Suatu tindakan yang terhitung berani dan tabu ketika itu.
Soeharto
segera bersikap. Judi kasino di Jakarta yang selama ini menjadi sumber
dana dan dikelola penuh Pemda DKI Jakarta dicabut izinnya. Pencabutan
izin judi kasino ketika itu sama sekali bukan sebagai sikap politik
Soeharto mengapresiasikan kehendak dan keinginan umat Islam, tetapi
lebih kepada strategi ‘membunuh’ Ali Sadikin.
Sebagai gantinya,
melalui Departemen Sosial Soeharto membuat Porkas, dimana dana yang
diperoleh dari judi versi baru itu bebas dari kekuasaan Gubernur DKI
Jakarta. Tidak hanya itu, beberapa waktu sebelum masa jabatan kedua
sebagai Gubernur DKI Jakarta berakhir, dengan sejumlah alasan
administratif Bang Ali dicopot dari jabatannya itu.
SBY vs Jokowi
Rivalitas
serupa antara Presiden dengan Gubernur sepertinya kembali terulang.
Sejumlah pemberitaan media mengisyaratkan adanya ‘rivalitas’ yang sedang
berlangsung antara Presiden Susilo Bambang Yudhoyono (SBY) dengan Joko
Widodo (Jokowi), mantan Wali Kota Solo yang saat ini menjabat Gubernur
DKI Jakarta. Bahkan, ada media yang terang-terangan menyebutkan bahwa
pangkal terjadinya ‘rivalitas’ antara SBY-Jokowi bermula dari soal
popularitas dan populisme.
Sikap dan tindakan Jokowi yang gemar
blusukan oleh mayoritas media dikampanyekan sebagai sikap populis dari
Jokowi. Penampilan dan kinerja Jokowi selama menjabat Gubernur DKI
Jakarta dijustifikasikan media sebagai sebuah tindakan merakyat dari
seorang Gubernur DKI Jakarta yang sebelumnya jarang dilakukan para
pejabat di Indonesia.
Lebih menarik lagi, sejumlah media dengan
berani mengisyaratkan penampilan dan gaya SBY sebagai sangat berbeda
dengan Jokowi. Bahkan, Christianto Wibisono dalam satu tulisannya
menceritakan bahwa sejak Jokowi terpilih dan berkiprah sebagai Gubernur
DKI Jakarta, sejumlah media sosial sudah mulai membenturkan gaya
tampilan SBY dan Jokowi. Kalau Jokowi dipersepsikan sebagai sosok
populis, maka SBY dipersepsikan sebagai ‘neolib’ (Kompas, 11/11/2013).
Soal
popularitas Jokowi memang layak membuat SBY dan Partai Demokrat galau.

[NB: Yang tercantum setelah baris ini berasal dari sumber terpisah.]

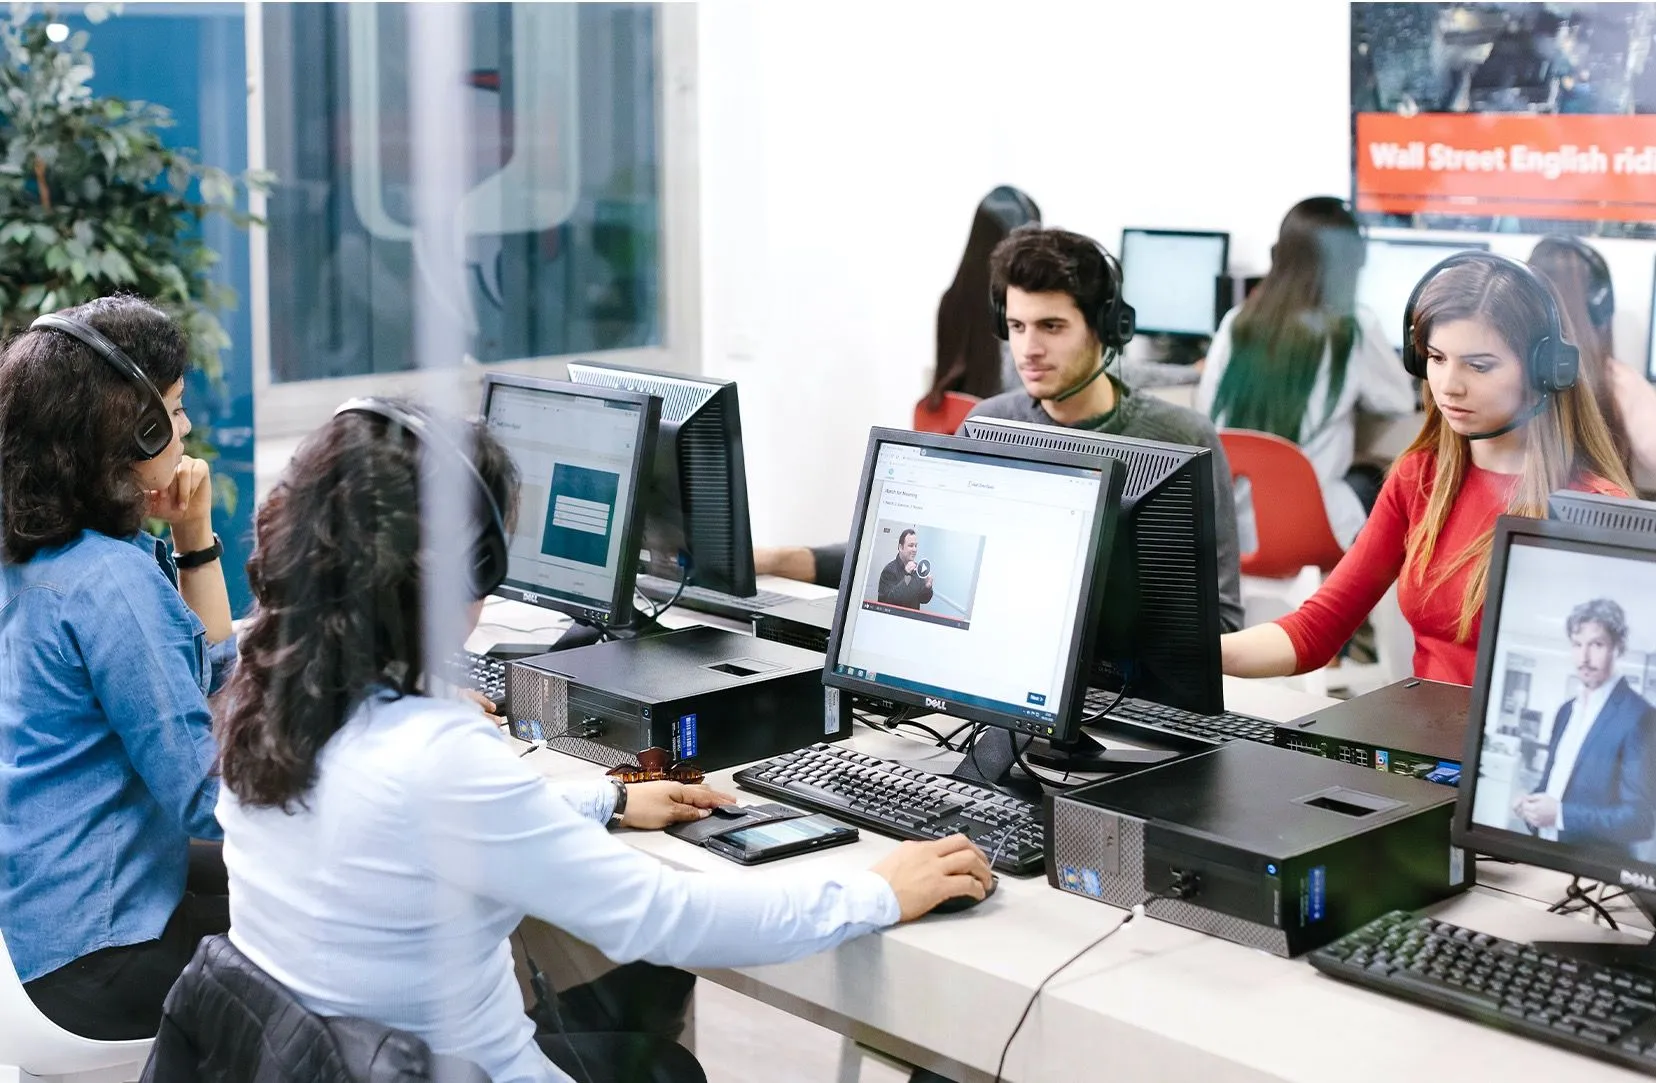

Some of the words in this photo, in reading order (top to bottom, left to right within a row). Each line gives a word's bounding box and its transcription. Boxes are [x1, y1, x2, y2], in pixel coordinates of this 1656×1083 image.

[1370, 142, 1425, 170] Wall
[1428, 143, 1506, 171] Street
[1511, 145, 1608, 179] English
[925, 697, 947, 711] DELL

Sejumlah survei menyebutkan bahwa Jokowi memiliki elaktabilitas yang
tinggi. Capres Jokowi sering menempati posisi teratas dalam sejumlah
survei. Terbaru, Jokowi menjadi capres dengan komunikasi paling bagus
dalam penelitian Lembaga Demokrasi Bertanggungjawab. Sebelumnya, survei
lain, di antaranya CSIS, Indonesia Research Center, dan Political
Weather Station menempatkan Jokowi pada posisi pertama sebagai capres
popular.
Ledakan popularitas Jokowi yang kemungkinan besar akan
diusung PDIP sebagai calon presiden tentu saja mengganggu konsolidasi
politik yang sedang dilakukan Partai Demokrat, yang saat ini sedang
melangsungkan proses konvensi partai untuk menjaring capres ideal yang
selanjutnya akan diperjuangkan dalam pilpres mendatang.
Sebagai
petahana, jelas dan pasti SBY ingin mengakhiri masa tugas periode
keduanya dalam suasana khusnul khatimah. Sangat logis bila SBY ingin
agar presiden penggantinya adalah figur yang memiliki hubungan
‘batiniah’ dengan dirinya. Sehingga pasca-alih kekuasaan berbagai
kebijakan positif koinstruktif yang selama ini dijalankan dapat
dilanjutkan oleh presiden penggantiya. Siapa saja presiden, akan merasa
bangga dan bahagia bila di ujung jabatannya berhasil ‘memfasilitasi’
terpilihnya presiden baru yang disenanginya.
Kritik terbuka
Kritik
terbuka yang disampaikan SBY kepada Jokowi juga menjadi indikasi adanya
“rivalitas” antara antara SBY dengan mantan Wali Kota Solo itu.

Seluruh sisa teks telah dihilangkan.